Avoid patterned clothes like narrowly striped shirts or herringbone patterns as they can cause funny optical effects at certain print sizes. Logos have a tendency to date quickly so it’s wise to be cautious with them. If you are buying new outfits for your children check that they are comfortable in them beforehand, and that shoes don’t rub. This is particularly important with small children who won’t able to soldier through a shoot, they’ll be unhappy and they’ll let everyone know in no uncertain terms!
If possible keep some changes of clothes handy just in case, and remember to dress for the weather, don’t wear clothes that will make you sweat in the summer, or freeze half to death in the winter. Make sure that if you shooting in cooler weather you have enough clothes to keep warm while setting up or between shots. It can often be cooler than you think in exposed areas, and if you’re just waiting for the light to change or moving to a new location, the cold can quickly catch up with you.

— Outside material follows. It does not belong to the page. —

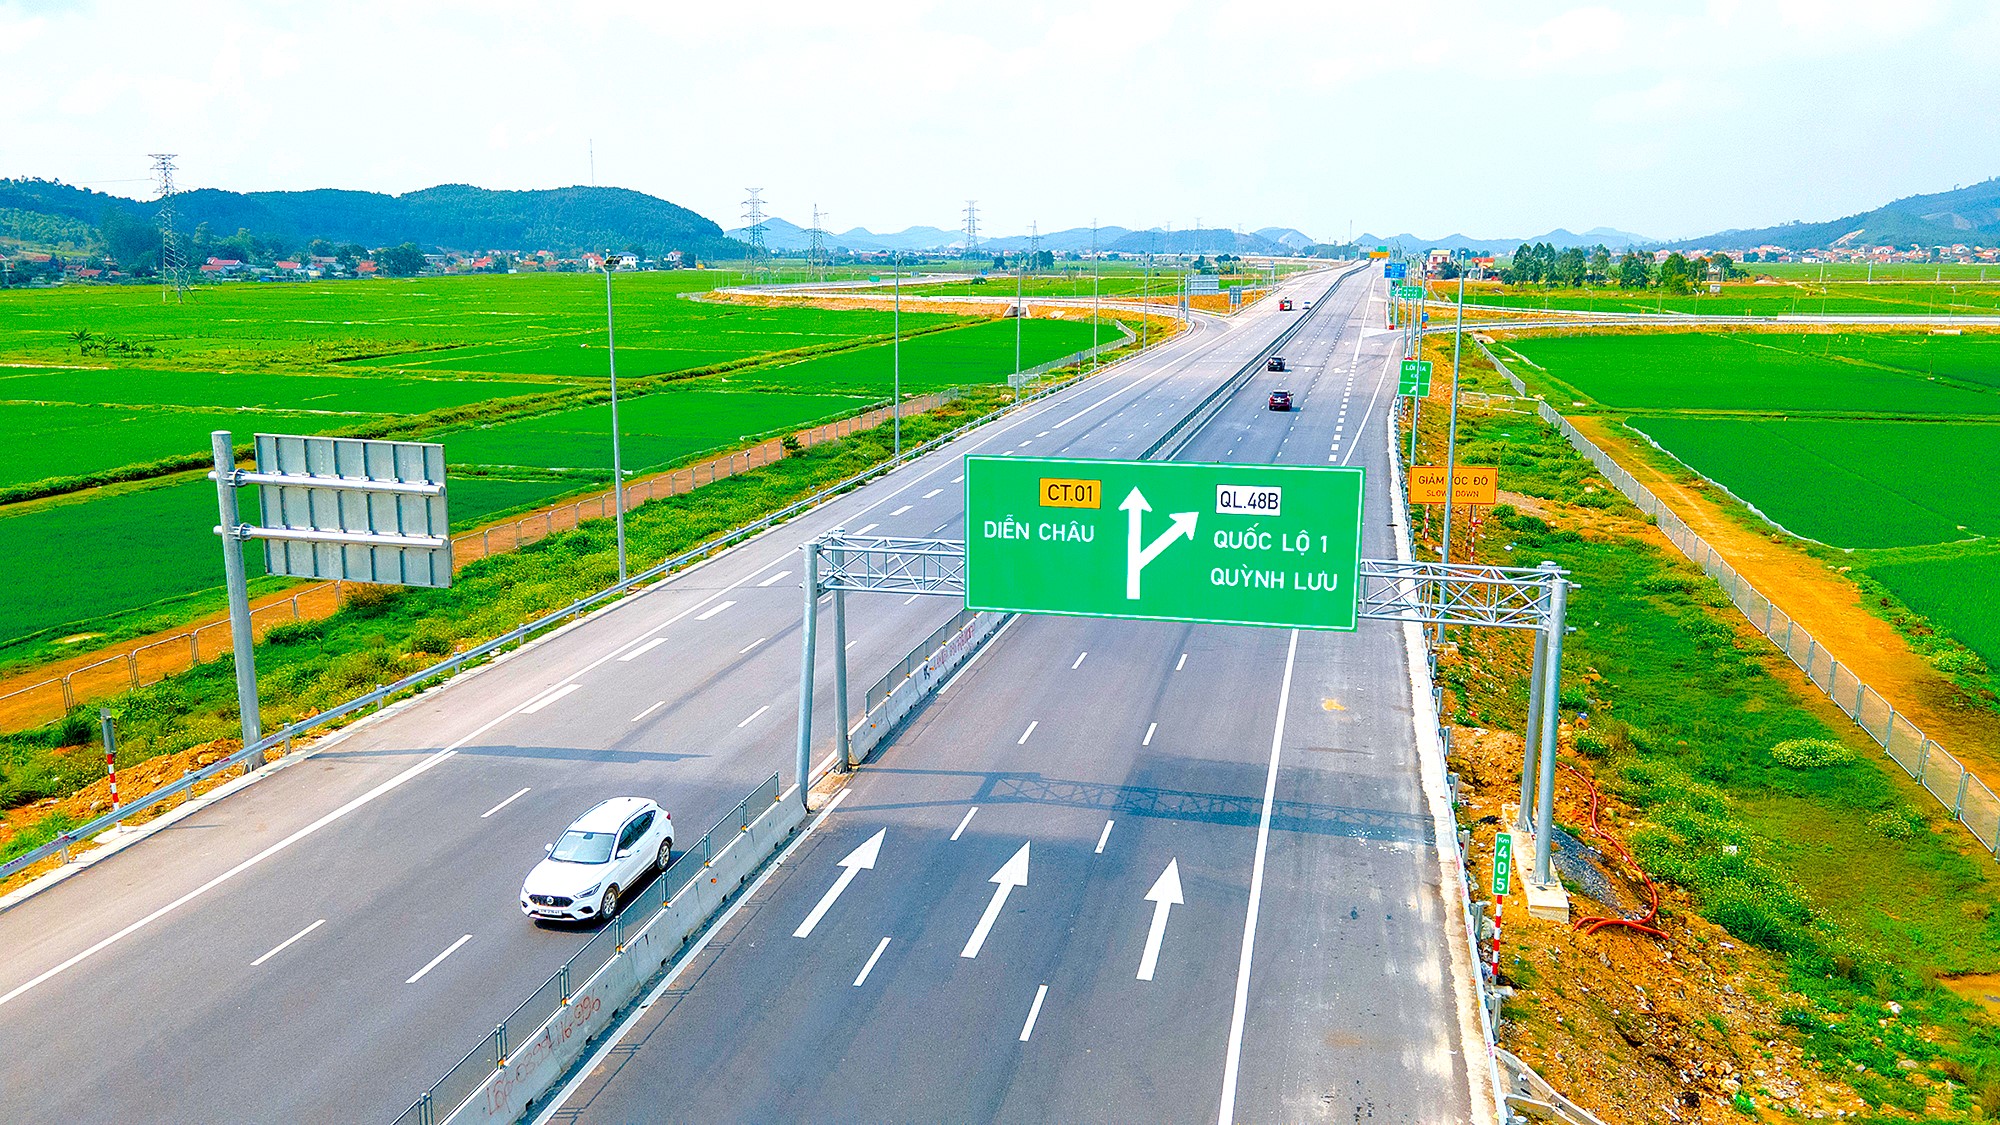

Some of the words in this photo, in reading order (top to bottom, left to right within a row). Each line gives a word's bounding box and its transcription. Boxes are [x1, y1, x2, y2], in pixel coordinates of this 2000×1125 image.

Remember – if it looks a bit creased in the mirror, it will look very creased in a photograph, make sure your clothes are well ironed and sit well on your frame.
Grooming and Make up
If you want to get your hair cut for the shoot, it’s best to do it a week before the shoot date, the same for any beauty treatments liable to leave you looking blotchy. Natural make up is best, remember that photography tends to enhance colour and contrast so heavy make up is best avoided and spray tans need time to fade a little. Small blemishes, cuts or spots are easily removed in photoshop, so if a pimple appears on the morning of the shoot don’t panic! As a portrait photographer I prefer the more natural look. Family portraits could well be up on your wall for many years to come so it is best to be slightly conservative in how they are styled.
Drinks and Snacks
It’s a good idea to have a supply of drinks and snacks for younger children, it keeps them happy and can be used as bribes if need be! Remember not to bring anything too messy that could bring the session a sudden halt.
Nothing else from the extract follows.